[Annotated photo localization data]
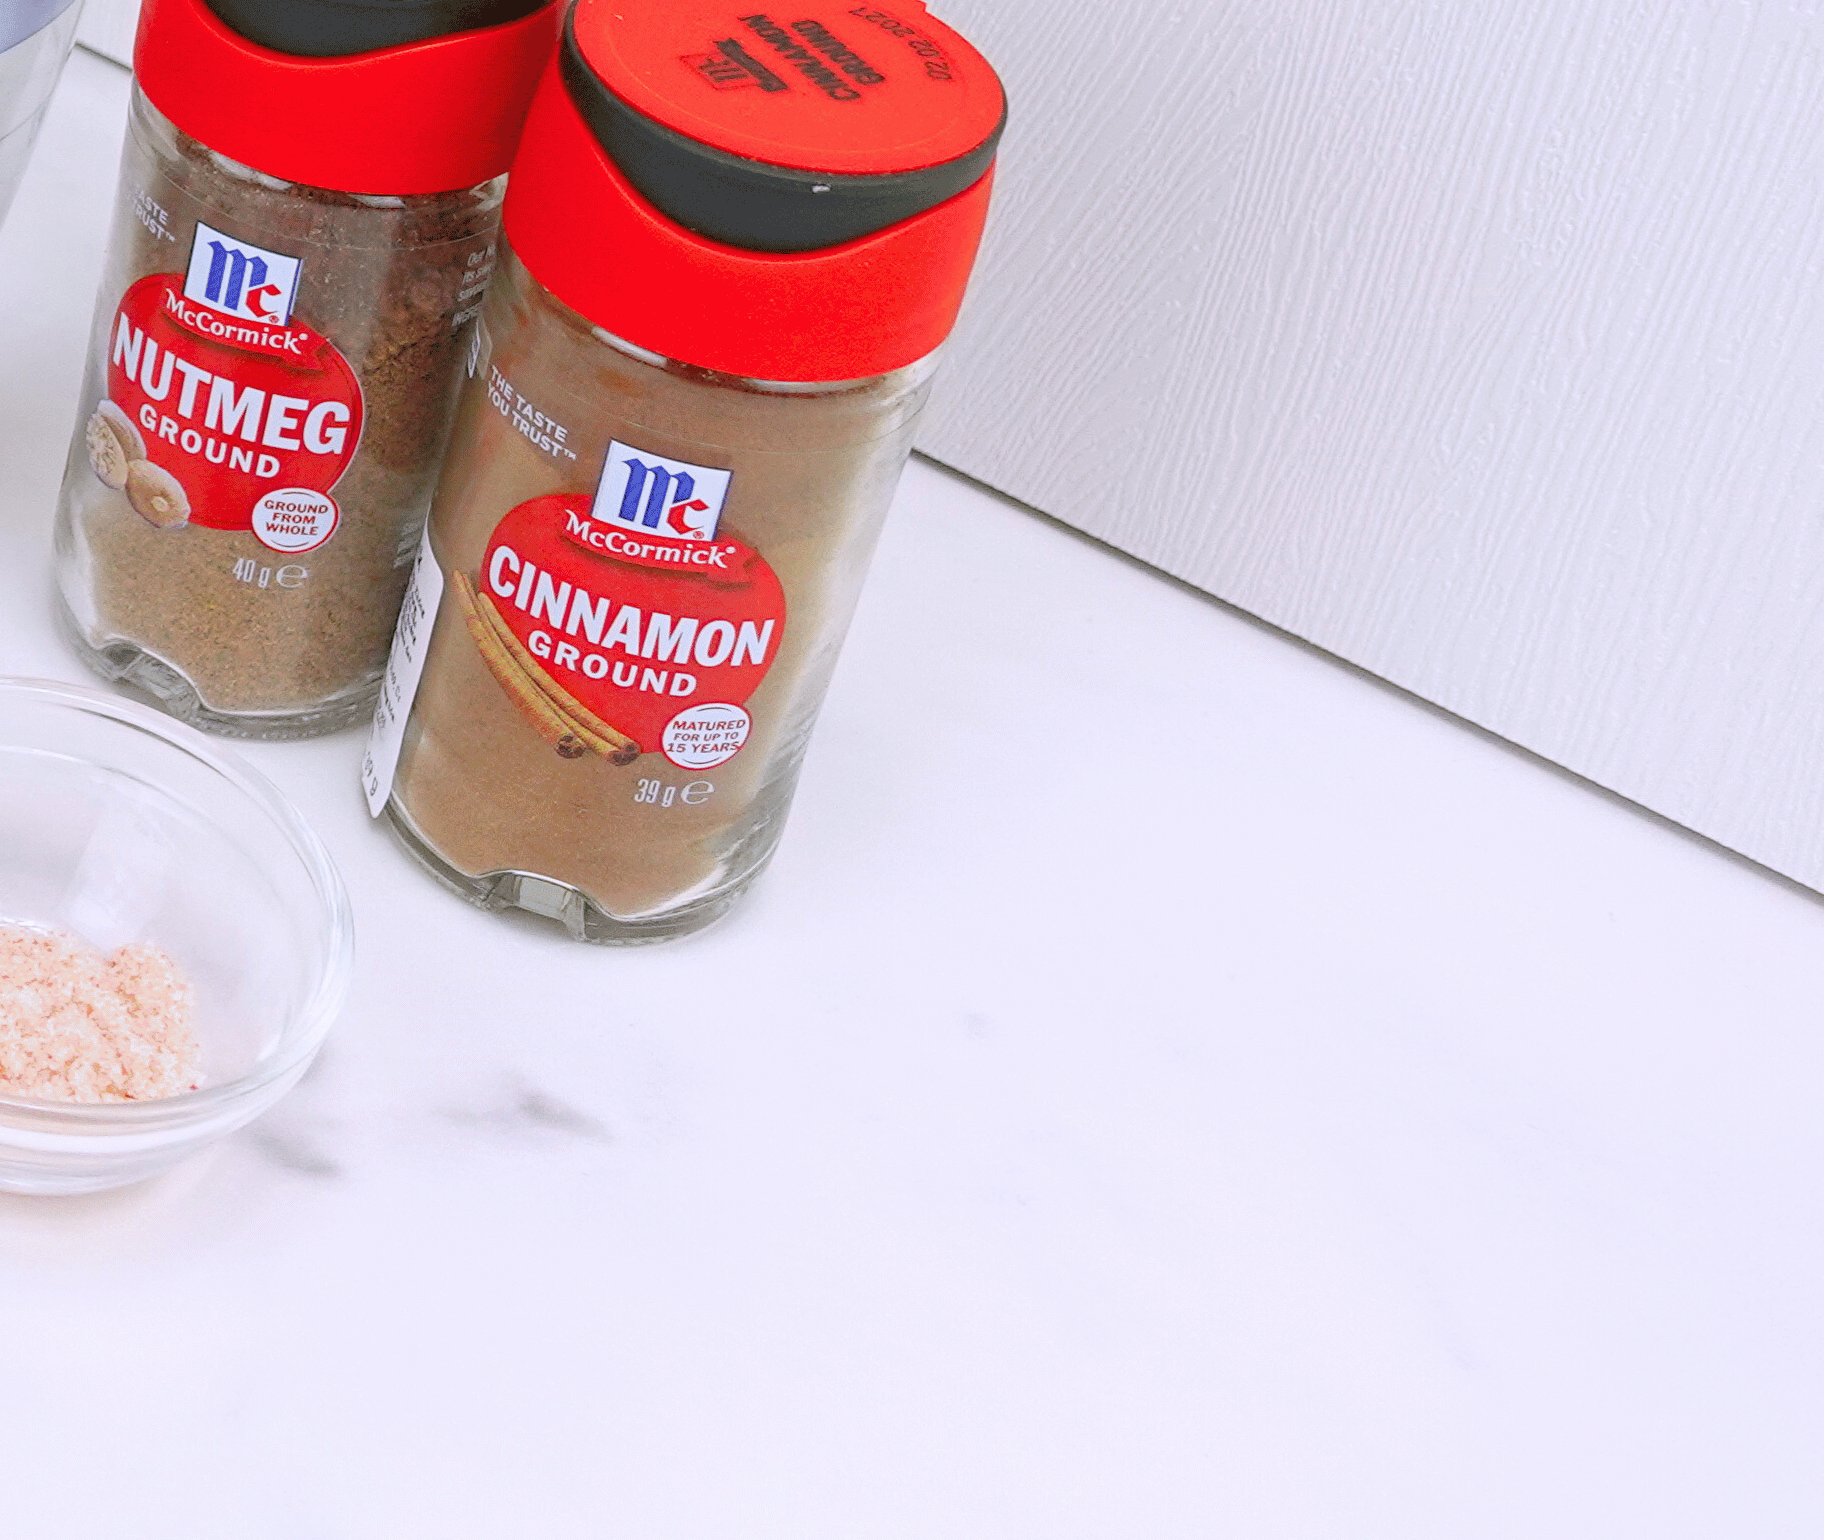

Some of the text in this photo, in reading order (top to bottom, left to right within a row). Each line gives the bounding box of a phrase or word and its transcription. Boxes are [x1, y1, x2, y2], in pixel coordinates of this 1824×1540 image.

[164, 287, 308, 355] McCormick
[113, 312, 350, 456] NUTMEG
[488, 380, 511, 417] YOU
[491, 365, 569, 444] THE TASTE
[139, 408, 280, 478] GROUND
[264, 499, 329, 514] GROUND
[272, 512, 317, 526] FROM
[265, 521, 319, 536] WHOLE
[565, 509, 736, 569] McCormick
[232, 557, 256, 583] 40
[257, 567, 272, 589] g
[488, 545, 776, 667] CINNAMON
[528, 629, 697, 697] GROUND
[672, 719, 746, 731] MATURED
[673, 731, 739, 742] FOR UP TO
[666, 741, 740, 754] 15 YEARS
[634, 778, 660, 804] 39
[660, 786, 676, 808] g
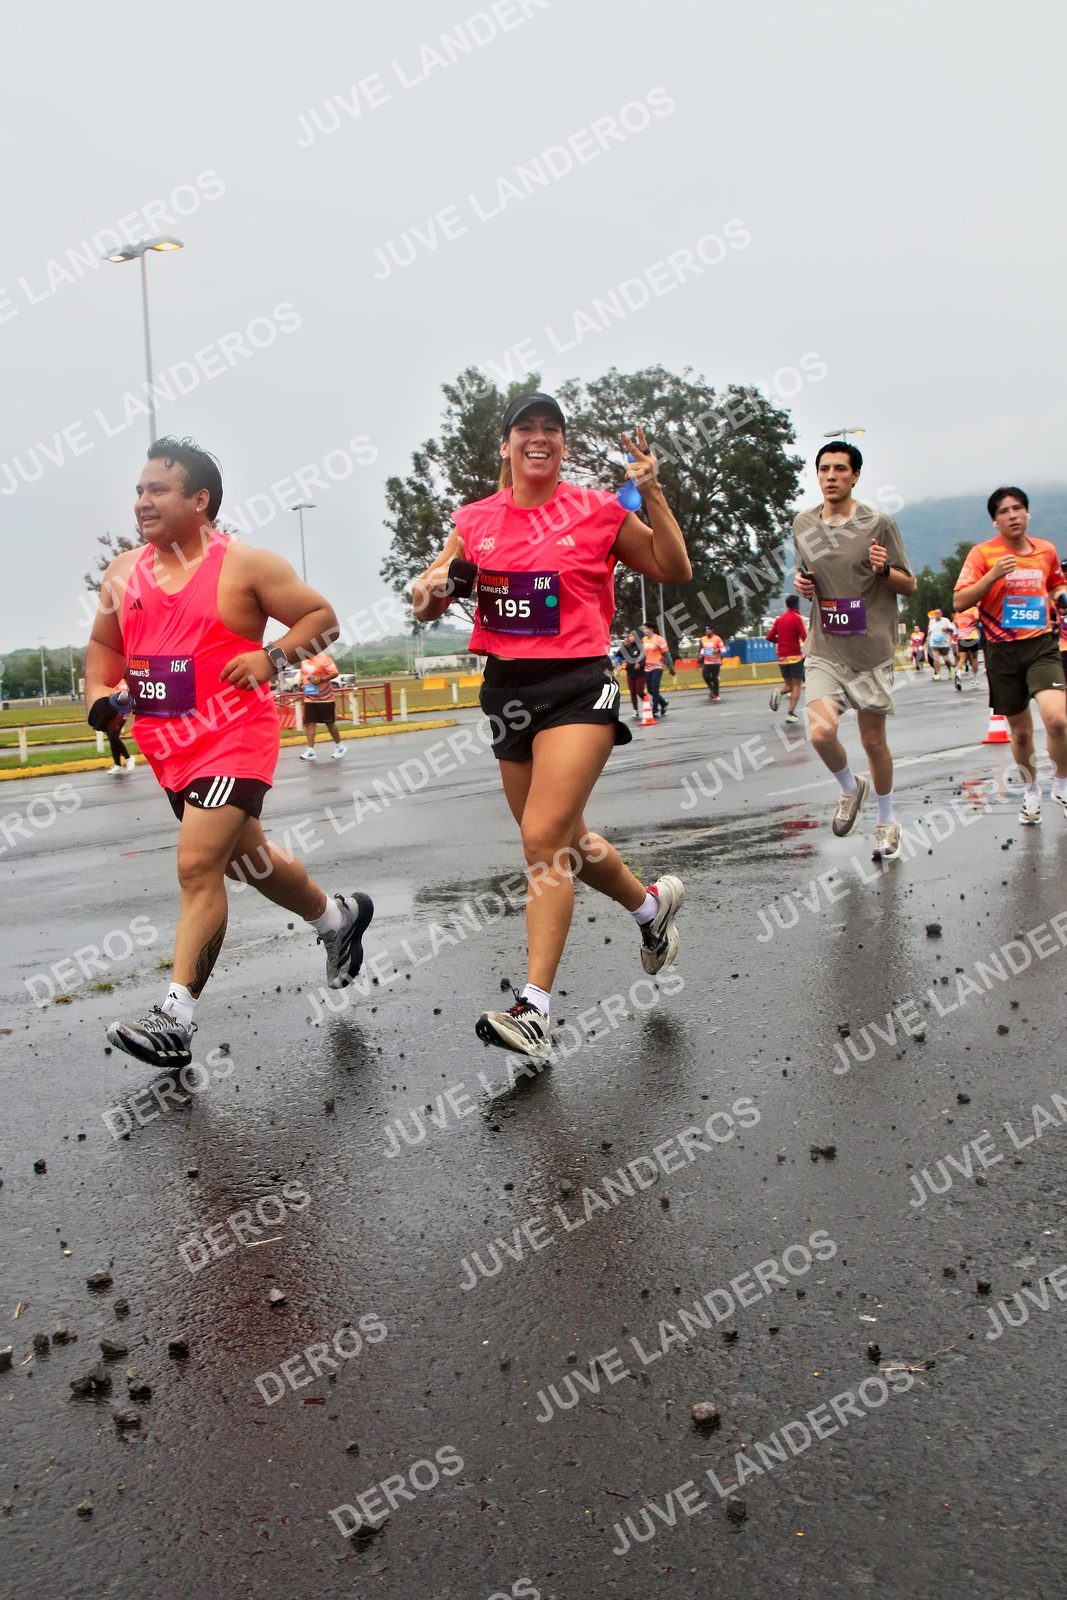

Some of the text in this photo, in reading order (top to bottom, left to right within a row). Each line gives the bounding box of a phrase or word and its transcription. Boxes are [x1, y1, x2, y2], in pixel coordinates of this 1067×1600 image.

[494, 599, 531, 617] 195
[1012, 610, 1039, 620] 2568
[828, 613, 848, 624] 710
[138, 681, 166, 700] 298
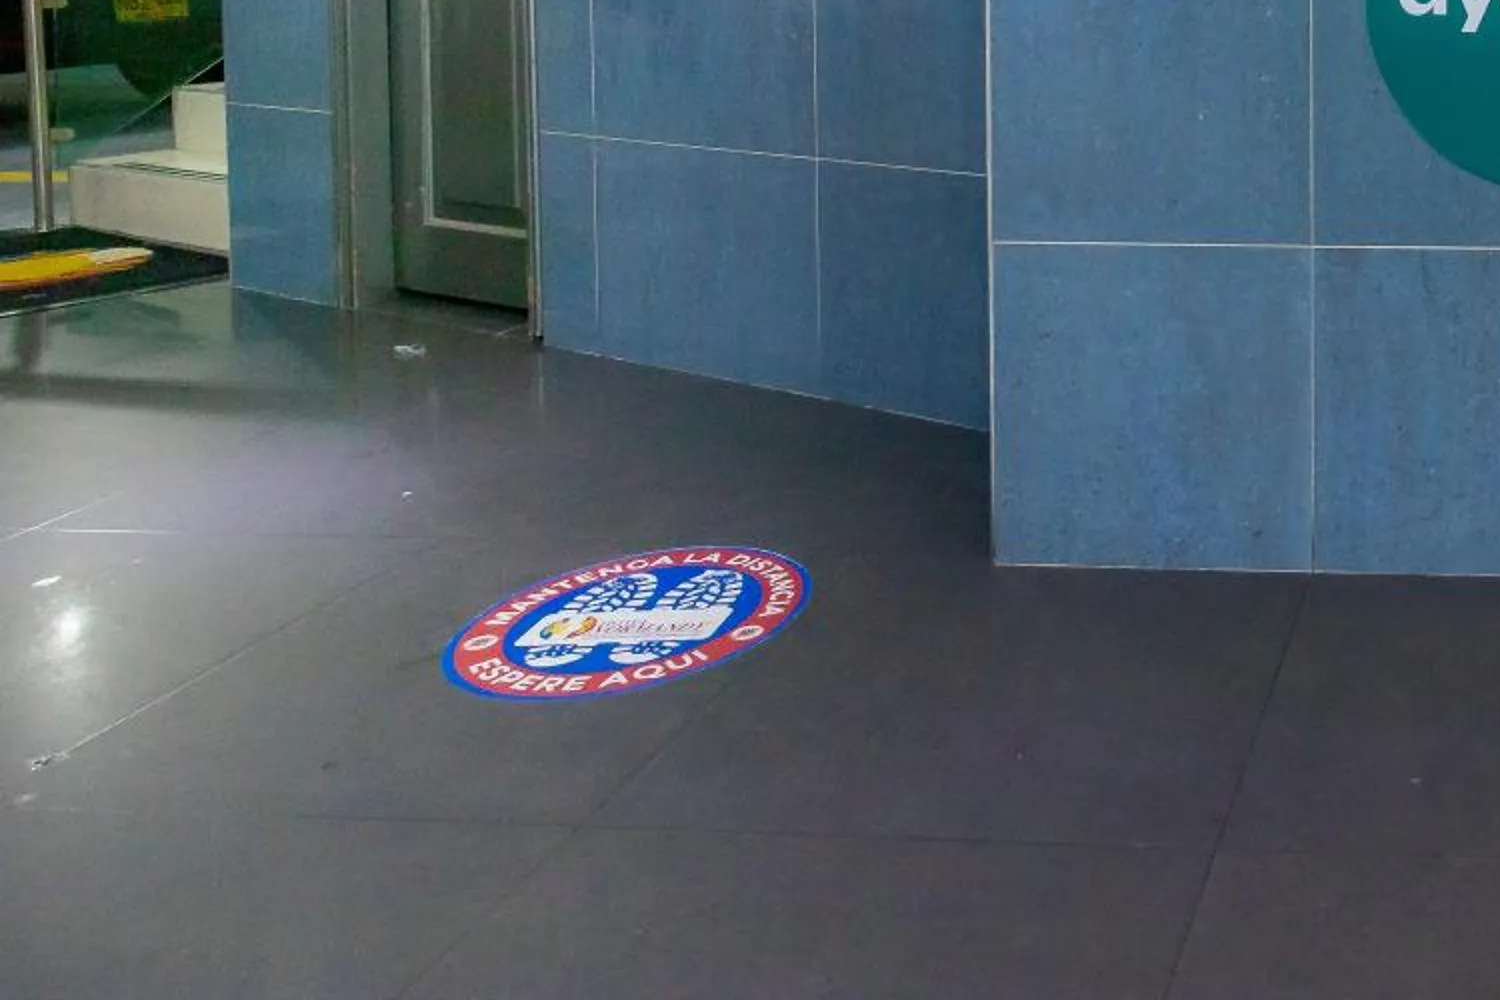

*Directions*: Return each entry above unchanged. Leave the pictures out.

*Response box*:
Some of the text in this photo, in reading order (top to bottom, left to right within a row). Each line gives the bounding box of a phrase or word and its transcription. Boxes are [x1, y1, x2, y2], in pixel coordinates of this 1824×1540 image.

[164, 287, 308, 355] McCormick
[113, 312, 350, 456] NUTMEG
[488, 380, 511, 417] YOU
[491, 365, 569, 444] THE TASTE
[139, 408, 280, 478] GROUND
[264, 499, 329, 514] GROUND
[272, 512, 317, 526] FROM
[265, 521, 319, 536] WHOLE
[565, 509, 736, 569] McCormick
[232, 557, 256, 583] 40
[257, 567, 272, 589] g
[488, 545, 776, 667] CINNAMON
[528, 629, 697, 697] GROUND
[672, 719, 746, 731] MATURED
[673, 731, 739, 742] FOR UP TO
[666, 741, 740, 754] 15 YEARS
[634, 778, 660, 804] 39
[660, 786, 676, 808] g

Some of the text in this photo, in reading order (top to bottom, left to right within a row). Each line gives the bounding box of a phrase or word and its transcription. Boxes are [x1, y1, x2, y2], in pixel coordinates of this 1067×1600 image.

[494, 599, 531, 617] 195
[1012, 610, 1039, 620] 2568
[828, 613, 848, 624] 710
[138, 681, 166, 700] 298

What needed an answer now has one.